Sorry to hear that. Have you ever thought about dabling in it yourself. It is real enjoyable for me. I started 2 years ago with deer and ducks. I am in the rmy now and can't devote all the time that I want to it but it is my retirment plan in 5 years. I also hate to tell you this but he probably spent less than $15 a bird to do and the time is really not that extensive at all. Agfain sorry about that bud I know how you feel.


----------



## gagoosebuster (Oct 6, 2004)

i am sick to my stomach...... my buddie just brought em over here to show me, two of them wer his he killed in illinois and the other was mine........ i killed a drake widgeon here inb cartersville on a swamp that i have. 

for one, widgeon are rare no matter where you hunt(more especially georgia, i will probably never kill another widgeon here).

two, it was the first widgeon i have ever killed

three, i killed it the last day of the season so it was in full plumage, it was georgious.

four, the guy actually charged me for the crap that he mounted for me.

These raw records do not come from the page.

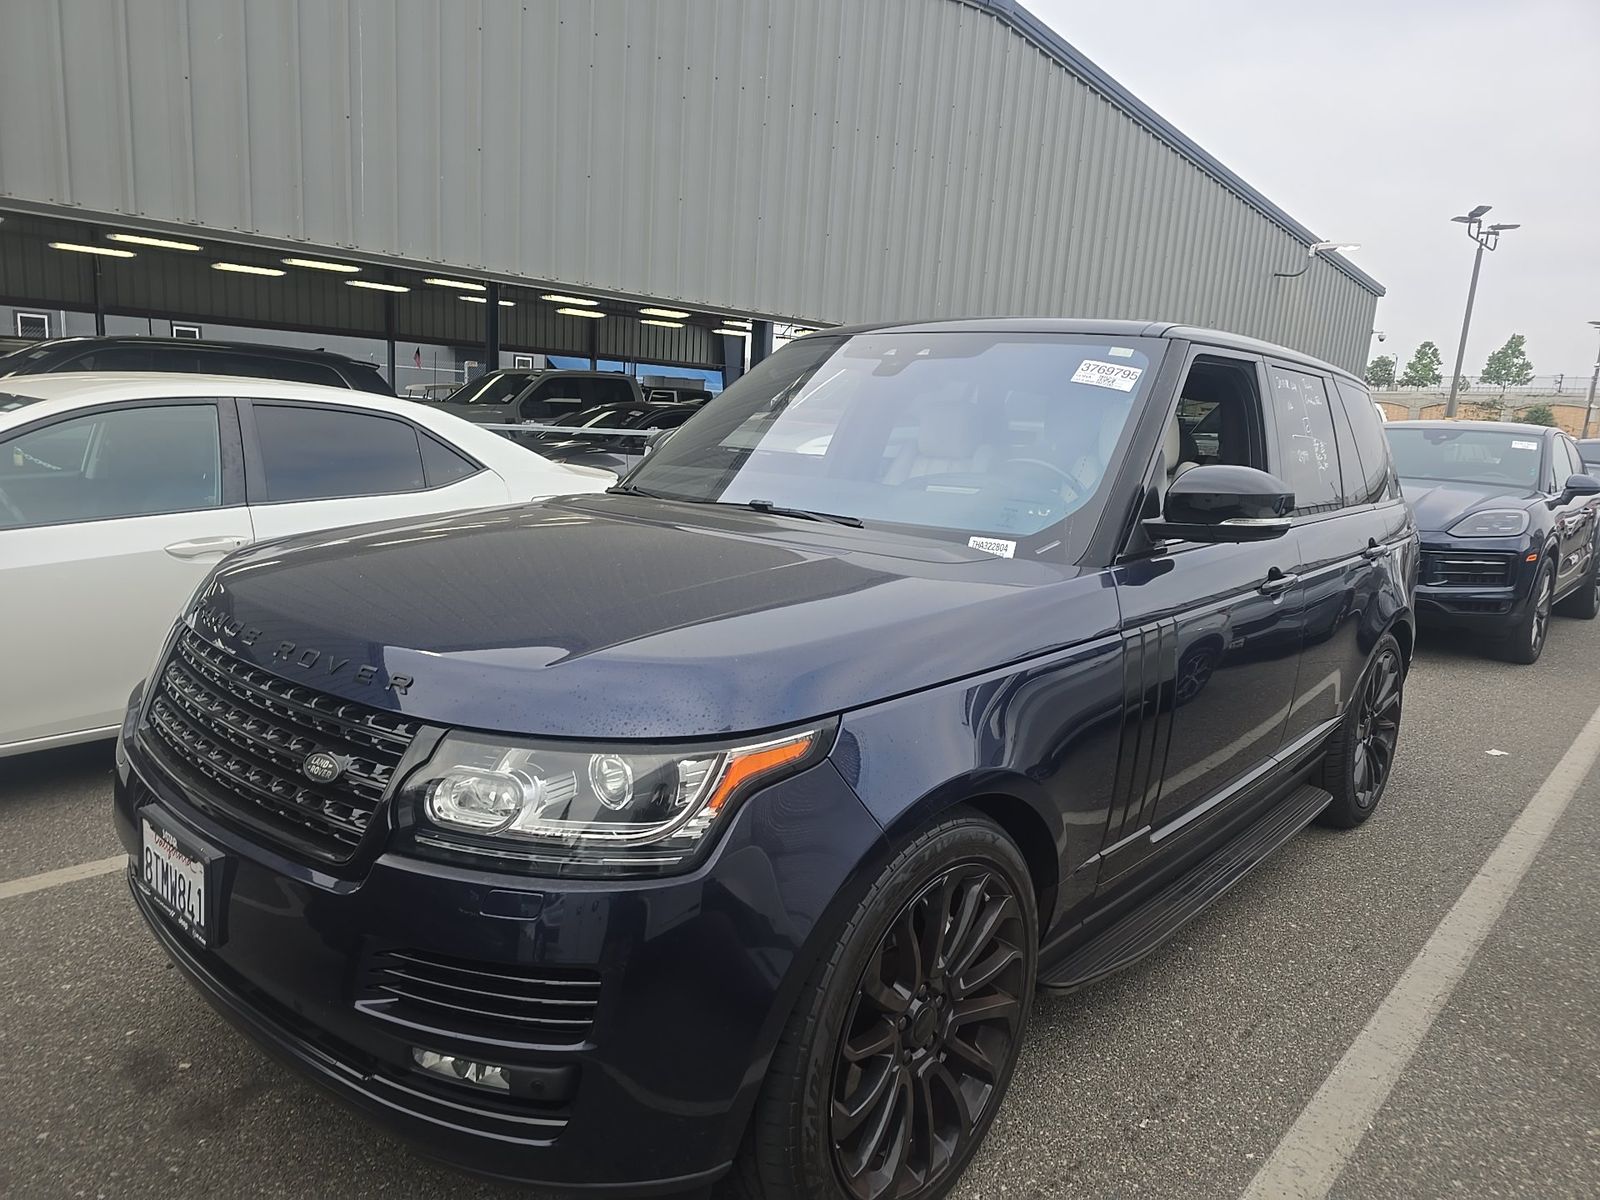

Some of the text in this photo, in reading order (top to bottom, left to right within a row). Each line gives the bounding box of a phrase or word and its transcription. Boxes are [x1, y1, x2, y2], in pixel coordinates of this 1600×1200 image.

[1080, 362, 1139, 381] 3769795
[972, 540, 1009, 552] THA322804
[273, 640, 415, 696] ROVER
[311, 756, 330, 769] LAND
[310, 765, 333, 779] ROVER
[144, 846, 204, 928] 8TMW841

i would love to learn how to do taxidermy work, it would be a fun little hobby to get into. i have a friend who tried it about two years ago and he mounted a couple of ducks and they looked really good for someone who had never did it before, or heck even for someone who did have experience(much better than what i just got back).
how hard is to mount a duck?
is there anyway i could send the one i have now to a real taxidermist and he fix the mess this guy has my bird in?


----------



## Mechanicaldawg (Oct 6, 2004)

See my post here:

http://www.woodystaxidermy.com/forums/showthread.php?t=2612


----------



## highcountry (Oct 6, 2004)

As long as the skin is not torn up to bad..... That is kinda funny cause we used to try and not shoot any widgeons. We were sick of shooting them cause we would shoot 12 - 15 a day every day. WE could have shot 19 a day if we wanted.... In alaska where I just came from. Most were not in full plumage though. They are beautiful though. Where are you located??? Did you not look at any of his mounts prior to using him??????? I know of some pretty good places up here in north Ga and then som earound columbus.....


----------



## gagoosebuster (Oct 6, 2004)

up here in north georgia( cartersville ga) we dont have widgeon...... extremely rare!!

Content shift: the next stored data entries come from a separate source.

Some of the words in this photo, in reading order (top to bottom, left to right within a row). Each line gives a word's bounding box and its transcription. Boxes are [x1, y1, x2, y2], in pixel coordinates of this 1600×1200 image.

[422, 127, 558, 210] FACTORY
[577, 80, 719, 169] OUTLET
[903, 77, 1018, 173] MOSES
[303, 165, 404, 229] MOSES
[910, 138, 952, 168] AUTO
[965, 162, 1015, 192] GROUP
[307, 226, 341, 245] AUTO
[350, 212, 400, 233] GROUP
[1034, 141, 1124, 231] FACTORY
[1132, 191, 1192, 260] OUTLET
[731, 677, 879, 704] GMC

jy,i will take the bird anywhere if they will tell folks how this fella really does work!!
i had never seen any of his work before, he said that he had mountd many ducks and he could do them any way that i wanted. they all came back the same way...... none in the position that i wanted.


----------



## Mechanicaldawg (Oct 6, 2004)

I'll call Capt. England first thing tomorrow morning and let him know you're coming.

He'll be glad to help you out.

Any idea what time you'll be there?


----------



## gagoosebuster (Oct 6, 2004)

i have work i have to do also..... when all are they open and how long does it take to get there for  cartersville?


----------



## gagoosebuster (Oct 6, 2004)

i promise you i didnt have it in for this guy until i saw the birds....... i was just as happy and excited as i could be to finally get my birds back...... i didnt mention the fact that he has not returned any phone calls since i talked to him last in may and he said the birds were finished. even saw him in a resturant and he told me that he would meet me later that day and get me the birds back(that was labor day)..... but i called him today from another number he had never seen on caller id and thats why he answered. i told him i wanted the birds and he did meet me and give them to me. i have gone as far as to go by his house and his truck be there in the drive along woth every other car he has and his wife answers the door and says he is not home.

this guy is scum...plain and simple!


----------